Your goal: What is needed is every line from the one holding "this 1280×1706 image." to the last line of the data below, printed exactly and without pictures.

Records to process:
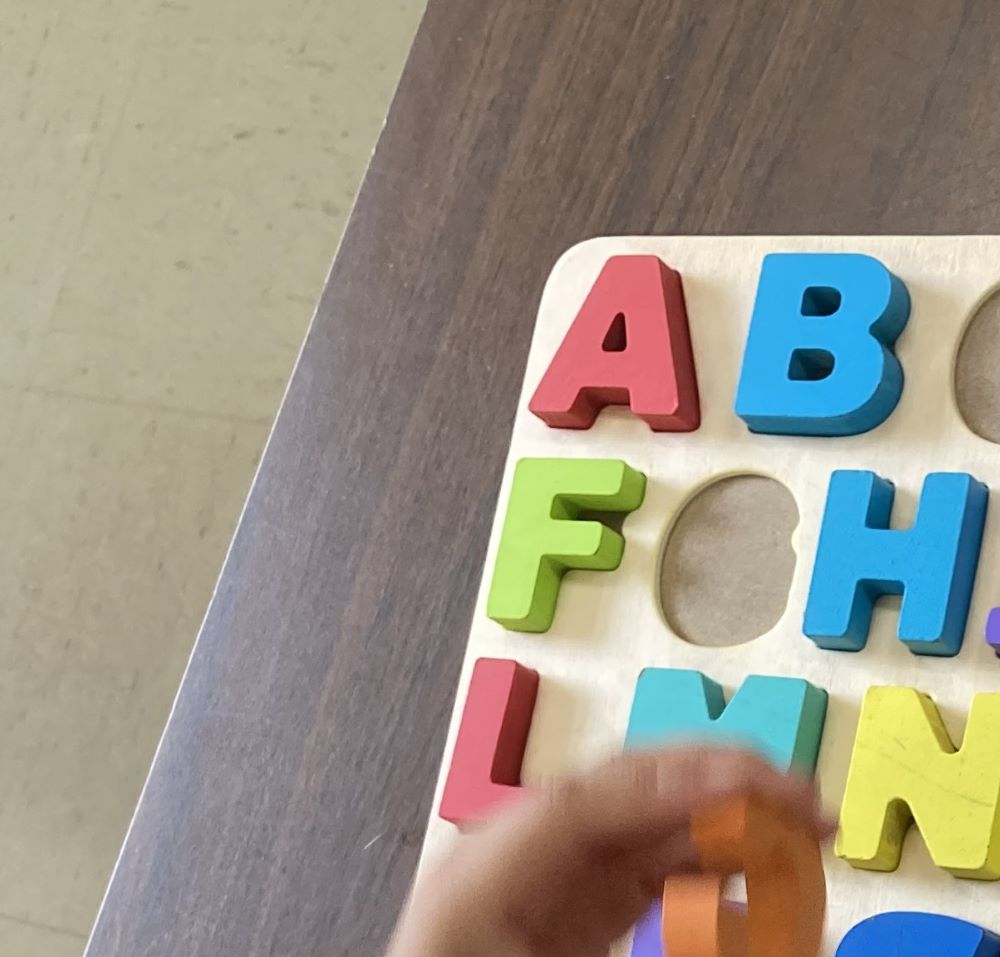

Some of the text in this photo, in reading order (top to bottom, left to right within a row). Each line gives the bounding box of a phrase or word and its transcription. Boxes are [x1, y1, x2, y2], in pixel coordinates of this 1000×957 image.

[529, 255, 700, 432] A
[735, 253, 911, 436] B
[487, 457, 647, 634] F
[803, 469, 988, 657] H
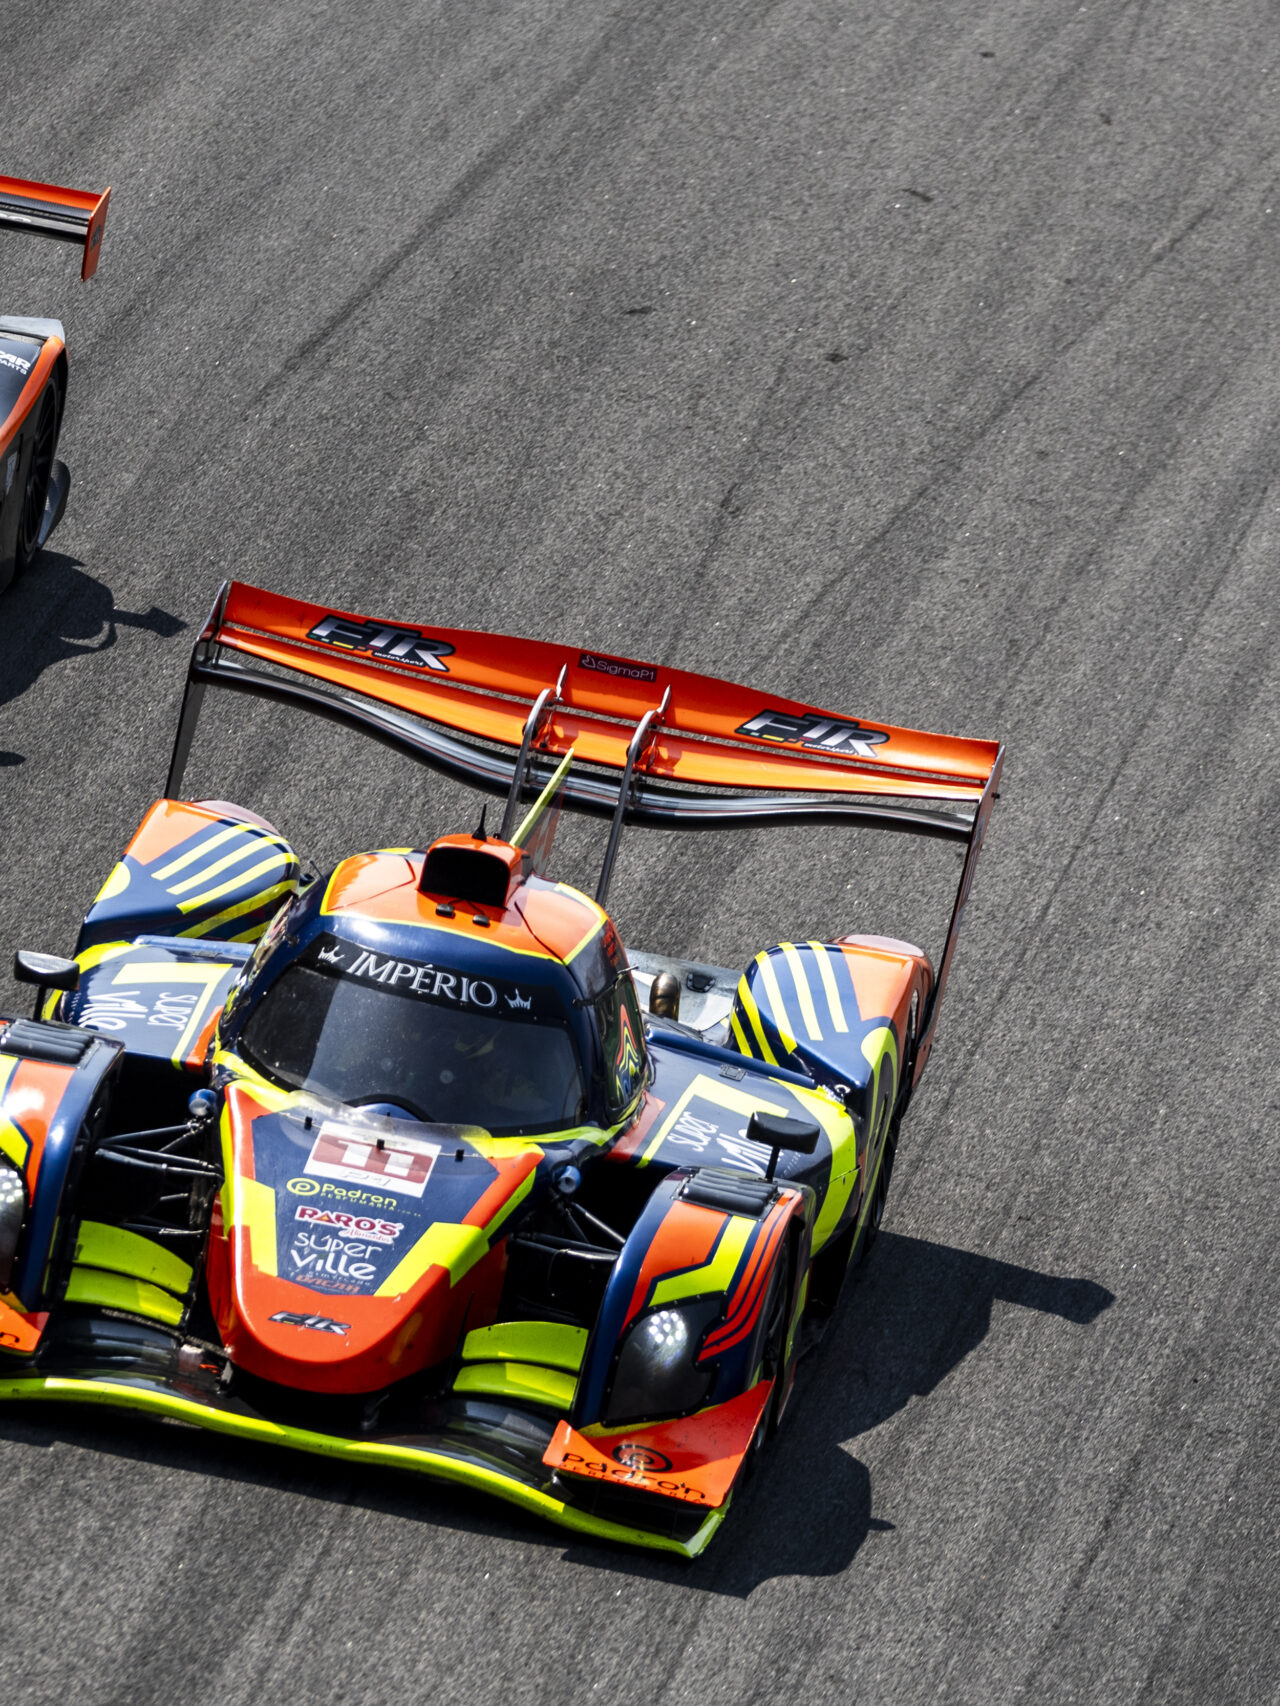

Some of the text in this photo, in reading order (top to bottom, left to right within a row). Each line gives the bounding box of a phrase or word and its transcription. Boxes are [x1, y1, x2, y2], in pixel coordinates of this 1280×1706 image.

[310, 615, 455, 671] FTR
[597, 660, 655, 680] SigmaP1
[742, 711, 890, 757] FTR
[346, 950, 497, 1008] IMPÉRIO
[322, 1183, 398, 1207] Padron
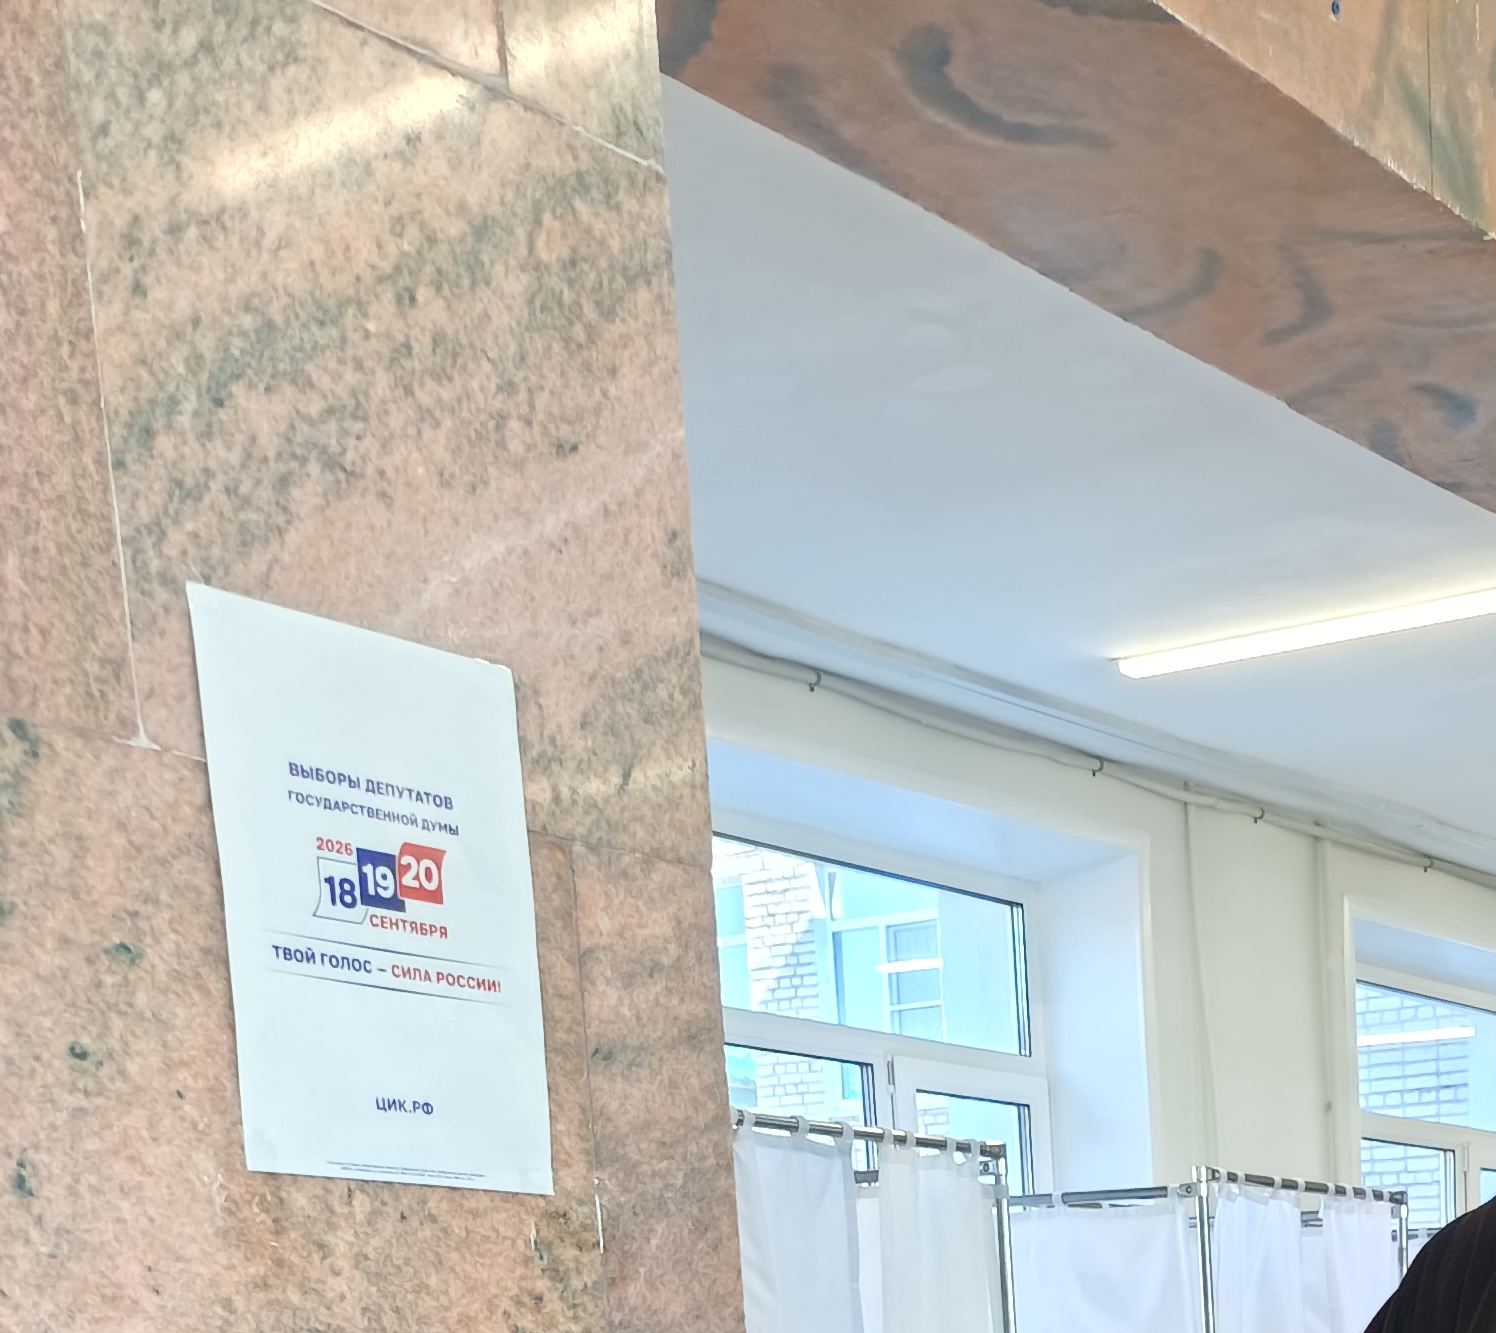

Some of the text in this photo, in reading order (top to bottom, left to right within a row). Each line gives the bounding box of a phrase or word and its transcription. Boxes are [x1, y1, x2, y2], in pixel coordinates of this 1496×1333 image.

[288, 761, 454, 811] ВЫБОРЫ ДЕПУТАТОВ
[288, 789, 460, 837] ГОСУДАРСТВЕННОЙ ДУМЫ
[316, 836, 354, 857] 2026
[323, 855, 440, 909] 18 19 20
[369, 913, 448, 939] СЕНТЯБРЯ
[272, 944, 316, 965] ТВОЙ
[320, 952, 372, 974] ГОЛОС
[391, 963, 433, 983] СИЛА
[436, 971, 502, 993] РОССИИ!
[375, 1096, 434, 1116] ЦИК.РФ
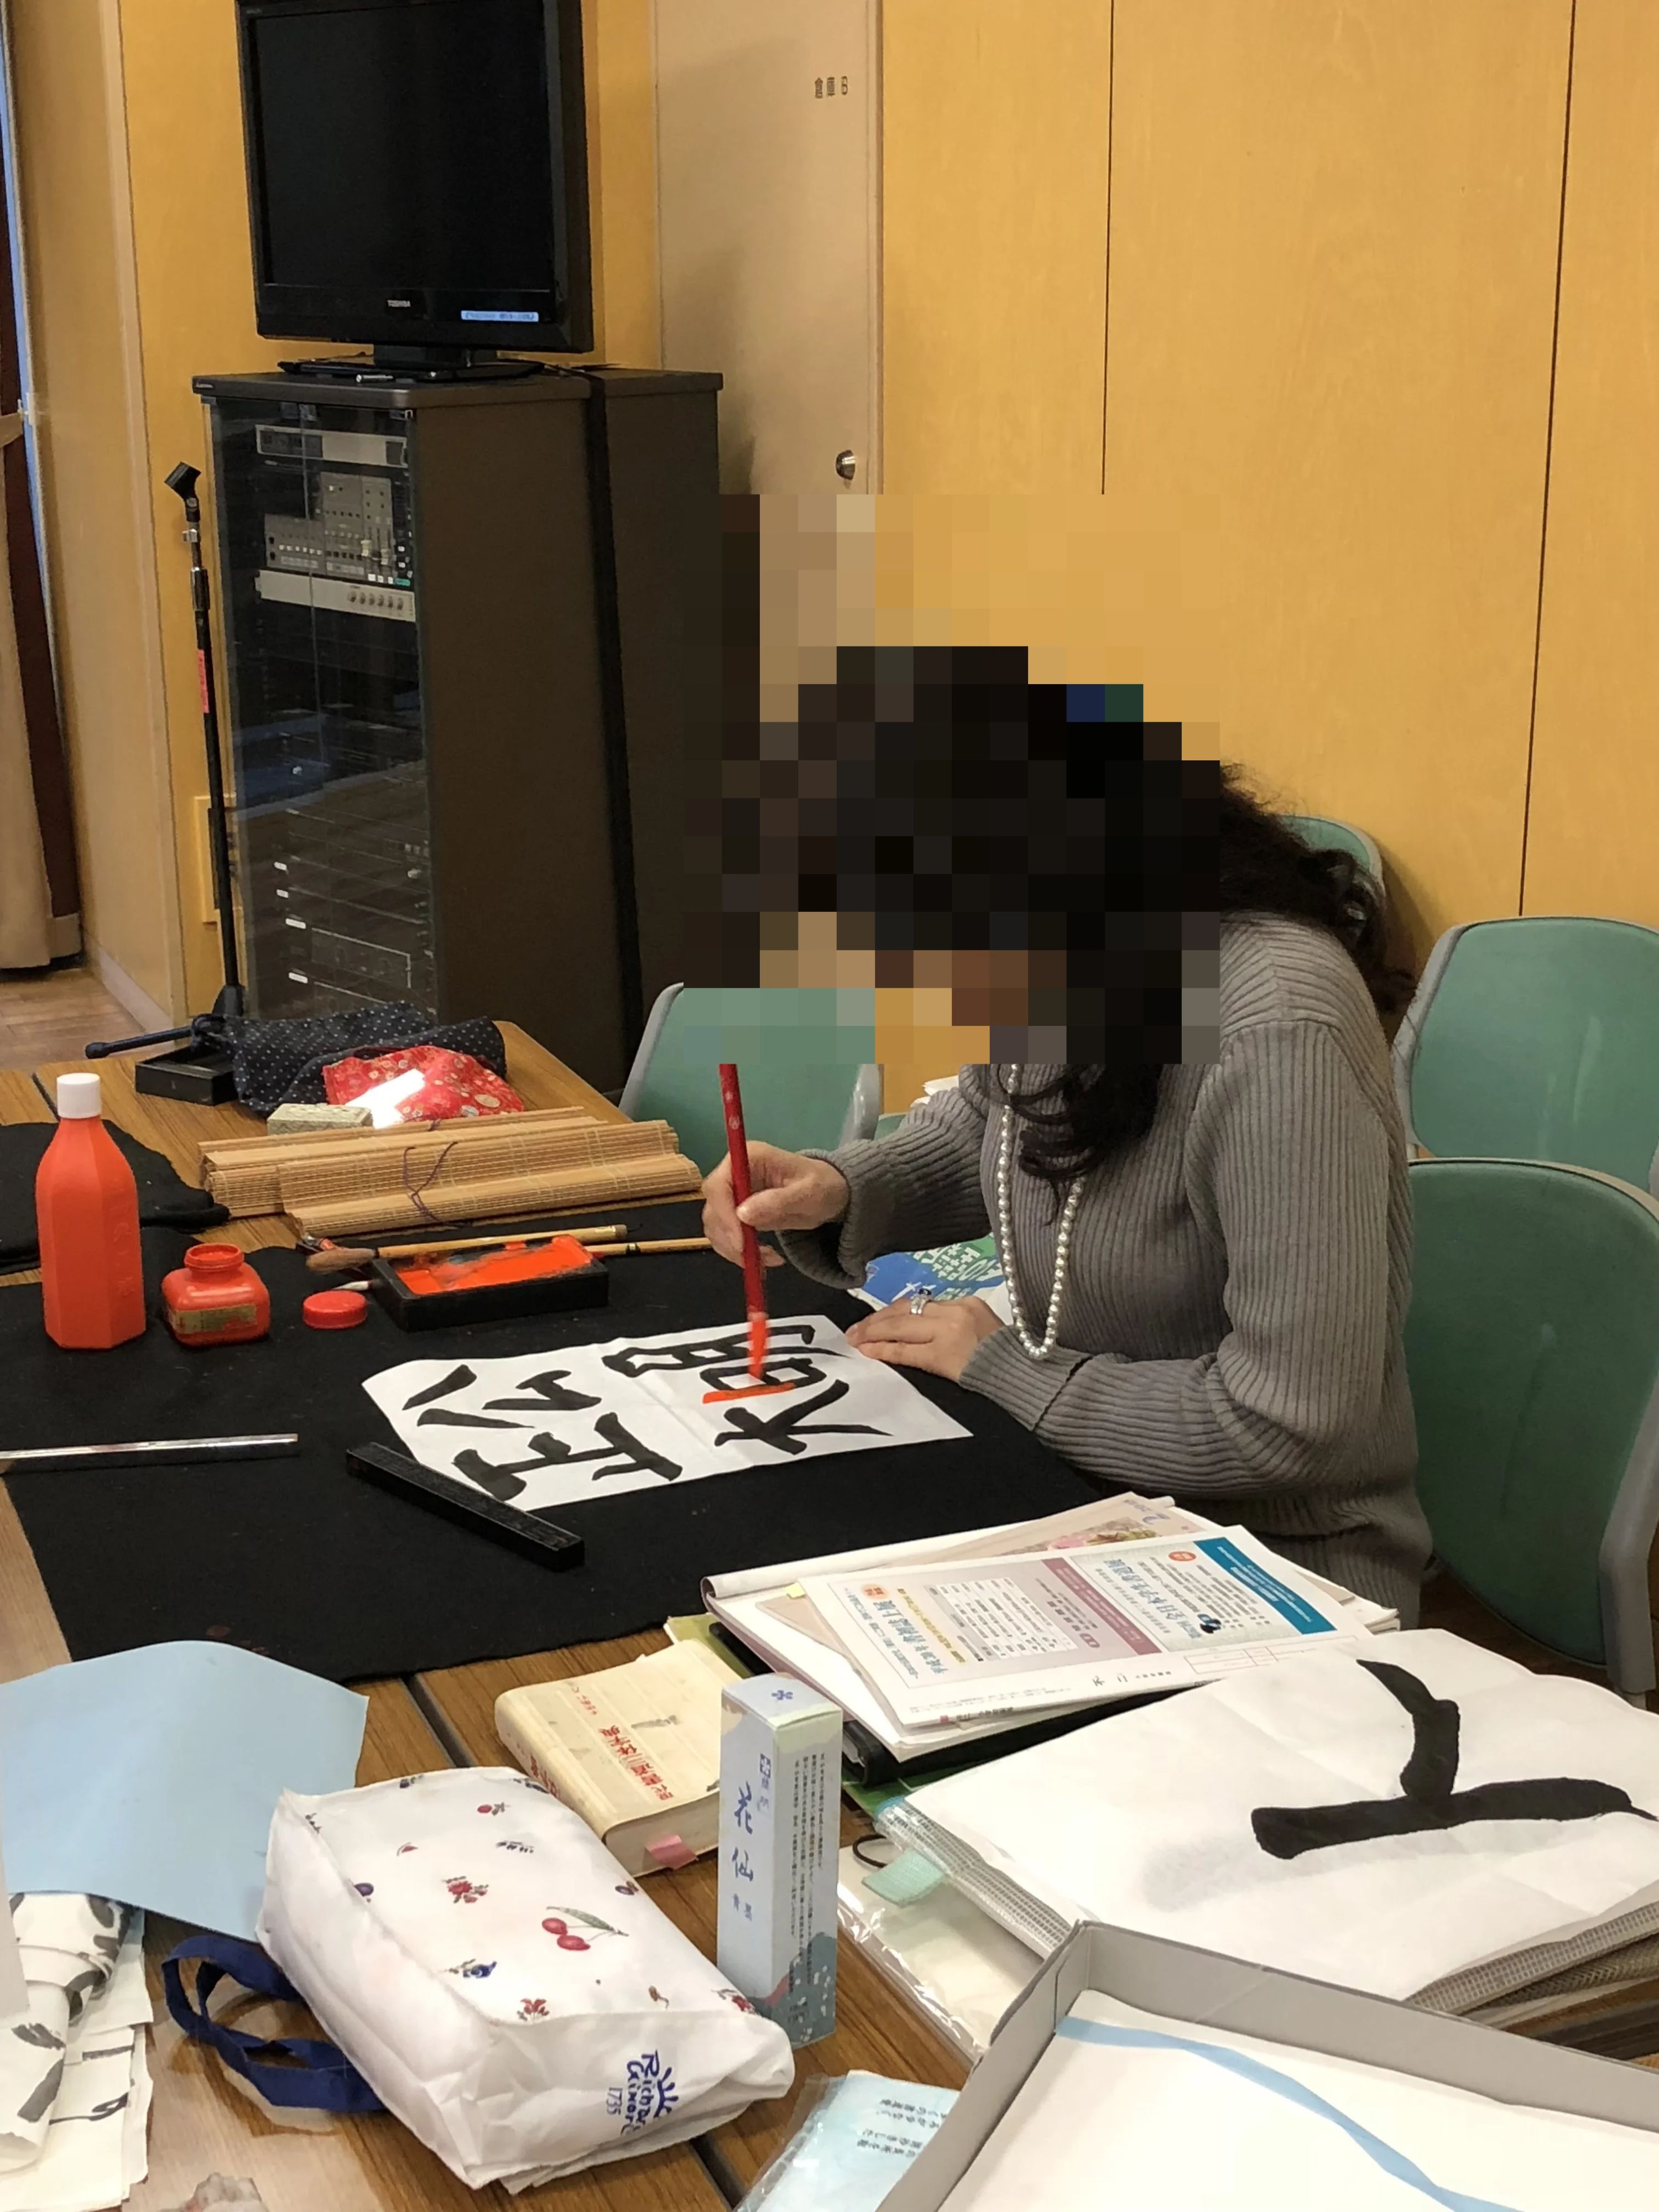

Response:
Some of the text in this photo, in reading order (top to bottom, left to right within a row). Each line gives the bounding box of a phrase or word and its transcription. Boxes are [x1, y1, x2, y2], in pixel coordinates of this 1280×1706 image.

[310, 615, 455, 671] FTR
[597, 660, 655, 680] SigmaP1
[742, 711, 890, 757] FTR
[346, 950, 497, 1008] IMPÉRIO
[322, 1183, 398, 1207] Padron

Some of the text in this photo, in reading order (top to bottom, left to right within a row). Each line gives the bounding box of a phrase or word and its transcription. Boxes are [x1, y1, x2, y2], in pixel coordinates of this 1496×1333 image.

[288, 761, 454, 811] ВЫБОРЫ ДЕПУТАТОВ
[288, 789, 460, 837] ГОСУДАРСТВЕННОЙ ДУМЫ
[316, 836, 354, 857] 2026
[323, 855, 440, 909] 18 19 20
[369, 913, 448, 939] СЕНТЯБРЯ
[272, 944, 316, 965] ТВОЙ
[320, 952, 372, 974] ГОЛОС
[391, 963, 433, 983] СИЛА
[436, 971, 502, 993] РОССИИ!
[375, 1096, 434, 1116] ЦИК.РФ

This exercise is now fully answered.